Prevent absenteeism: reduce stress and workload

Stress at work has been occupational disease number one for years, according to research firm TNO. Employees with burnout or illness are not what you want. A long-term sick employee can be a major expense. You cannot always prevent sick leave, but you can reduce the risk of it. Reduce the stress and workload of your employees.

Employees are increasingly dropping out (in Dutch) due to stress or burnout symptoms. In the first quarter of 2023, more than 26% (in Dutch) of the number of absenteeism days fell under psychological absenteeism, figures from the Arbo Unie show. The increase in absenteeism is particularly visible in the 25 to 45 age group. Staff shortages are one of the reasons for the increase in psychological absenteeism.

With a long-term sick employee you have a big problem. You have to continue (partially) paying wages and you are also responsible for the costs of replacement, absenteeism counseling and reintegration. On average, this will cost you about €250 to €400 per day (in Dutch). And according to ArboNeD, the average sickness absence lasts 237 days (in Dutch). Employees with burnout even take an average of 293 days to return to work. Absenteeism insurance is a potential solution, but avoiding sickness absence is preferable. Martine Vecht, professional organiser and burnout prevention specialist, shares 5 useful tips.

The next video is only available in Dutch. 

1. Fulfil your duty of care

Employers are required to provide employees with a healthy, safe working environment. On top of that, employers also need an absence policy. Your absence policy (in Dutch) should outline how you deal with staff absences and what rules you and your employees have to follow. You could draw up an absence protocol with all the steps employees should take when they report sick. And you could make a list of all rights and obligations that you and your employees have to keep in mind. Your absence policy has to comply with the basic rules set out in the Eligibility for Permanent Invalidity Benefit (Restrictions) Act. Also include specific company rules, possibly in consultation with your health and safety service or company doctor.

Some other important considerations:

  • your health and safety policy should contribute to keeping your employees safe and healthy
  • you should minimise psychosocial stress among your employees
  • perform and draw up a risk inventory and evaluation (RI&E). This document maps out occupational risks for your staff and your company and lists the controls you have implemented to ensure that your employees have a healthy, safe place to work.
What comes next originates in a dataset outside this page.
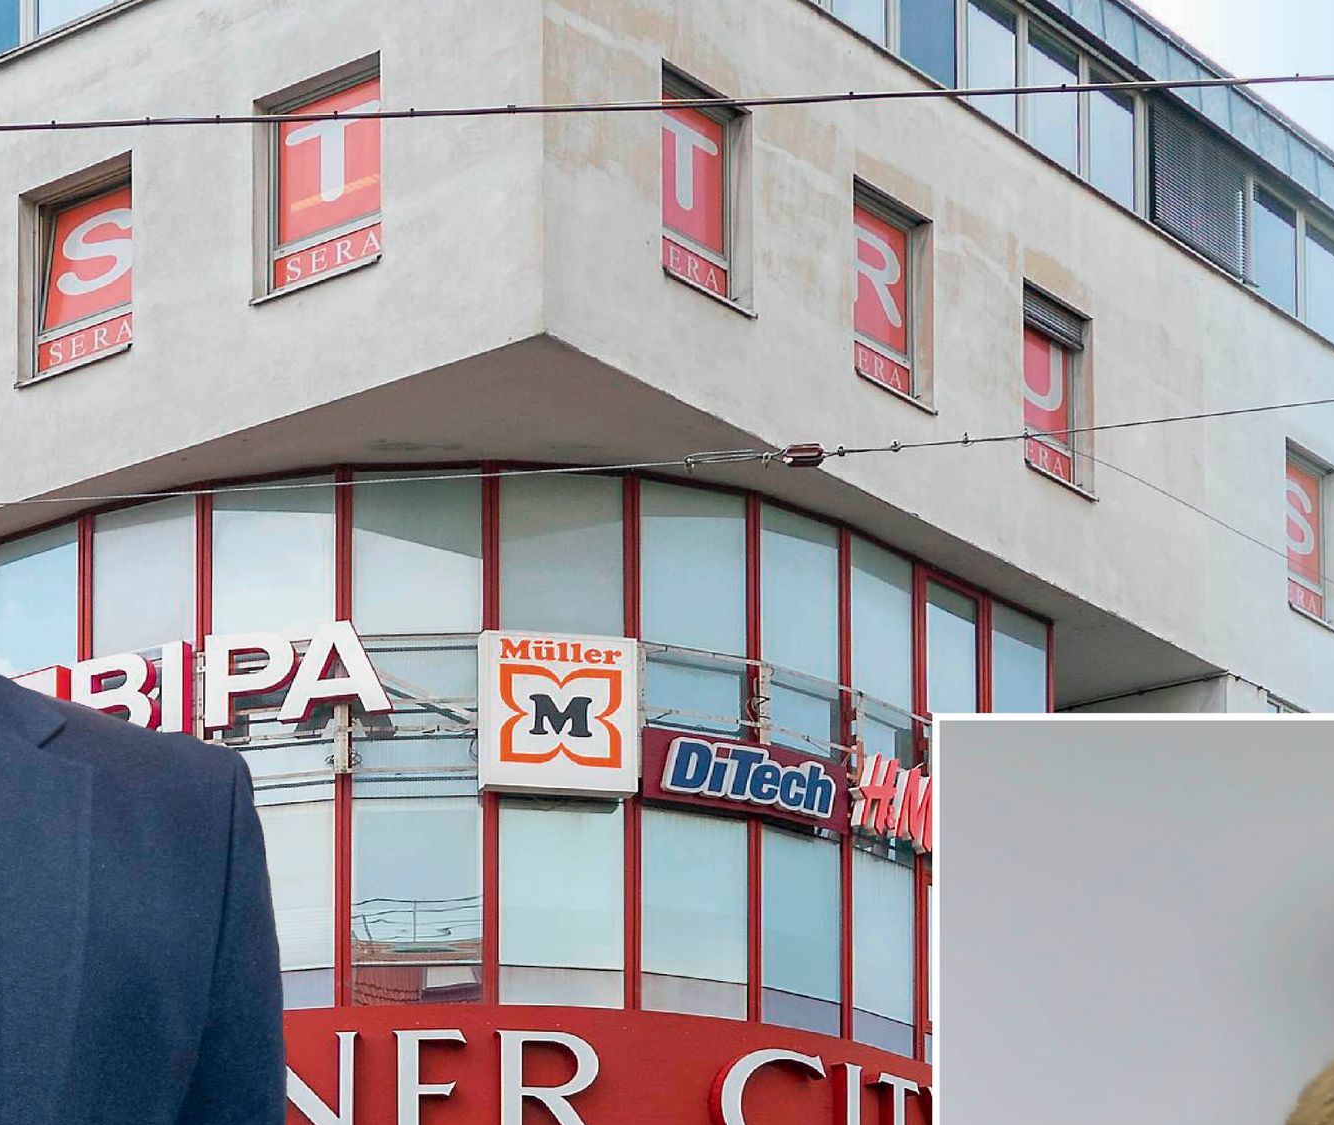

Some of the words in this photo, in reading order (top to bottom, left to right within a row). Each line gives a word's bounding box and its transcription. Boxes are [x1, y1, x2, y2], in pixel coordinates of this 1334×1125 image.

2. Monitor workloads and working conditions

Analyse your company’s challenges (physical work, night work, high turnover of staff) and opportunities (training budget, lifting aids, extensive knowledge). Each industry has its own health and safety risks that affect absenteeism. In the construction industry (in Dutch), for example, physically demanding work, work at height (in Dutch), and asbestos are common risks. For white-collar workers, on the other hand, working from home is common, making high workloads a big risk. “Working from home has blurred the line between people’s personal and professional lives. People work longer hours and skip breaks. This increases the odds of developing a stress-related illness or burnout”, Vecht explains.

You can find common risks in your industry (in Dutch) online. If you need help, bring in a health and safety expert.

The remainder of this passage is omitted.